Trading philosophy- News Trading Strategy
A news trading strategy is a strategy in trading that I am using. It involves trading on both market expectations and news that is trending regarding the stocks. This strategy requires a skilled mindset as news can travel very quickly on the platforms that we use such as digital media. Traders will need to access news immediately after the release and make quick decisions and judgments on how to trade it. The key considerations in this strategy include;
- Is the news or information in the market partially or fully factored in the price of the instrument or the share?
- Does the news match market expectations
Understanding the difference between market expectations and information is fundamental when using the news trading strategy. The news trading strategy tips include;
- Treat each news and market release as an individual entity
- Develop specific trading strategies for new news releases
- Market reactions and market expectations can be more important than a news release.

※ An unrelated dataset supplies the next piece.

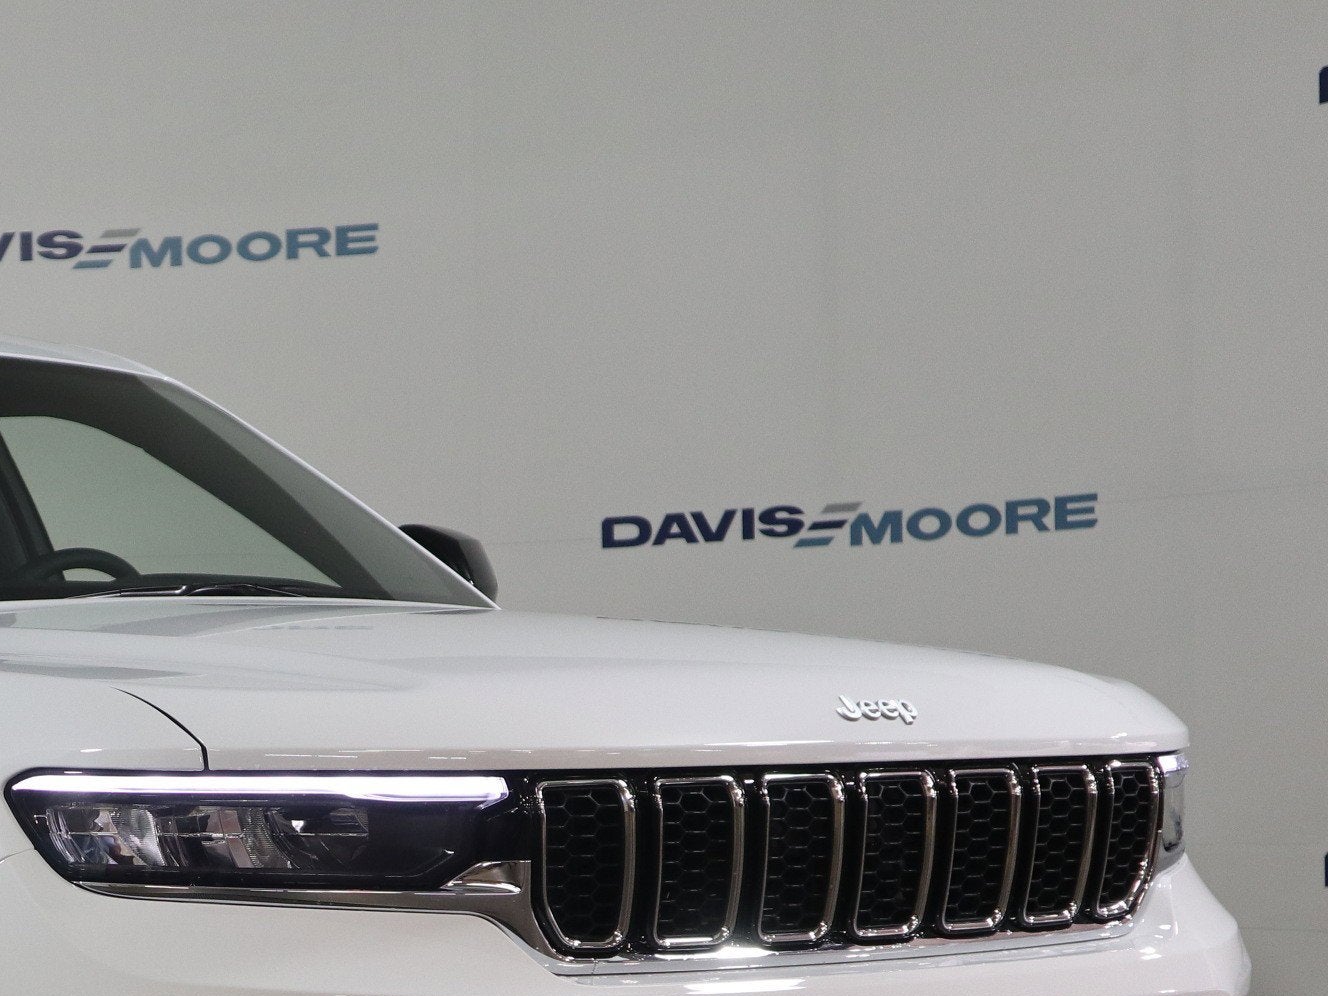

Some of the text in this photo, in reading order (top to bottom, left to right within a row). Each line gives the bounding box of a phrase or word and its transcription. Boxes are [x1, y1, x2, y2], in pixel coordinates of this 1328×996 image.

[129, 222, 379, 269] MOORE
[601, 493, 1099, 549] DAVIS MOORE
[835, 694, 919, 726] Jeep

When trading using news releases as a strategy, it is vital that the trader is aware of how to operate in the market. It is common that news is factored into the prices of assets and this results in traders attempting to predict the prices of the future. Doing so may protect the trader from future volatilities (Accastello,, Blanc, and Brun, 2019).
The trends are such that more and more people are now beginning to engage in exchange trading in the US. This is facilitated by the availability of such trading, the interest of the state in this (individual investment accounts that attract financial flow to the US stock market), as well as the fact that the exchange, at first glance, seems to be a very simple and profitable business.
Statistics assert that within a year after the start of trading, from 90 to 95 percent of traders lose their money.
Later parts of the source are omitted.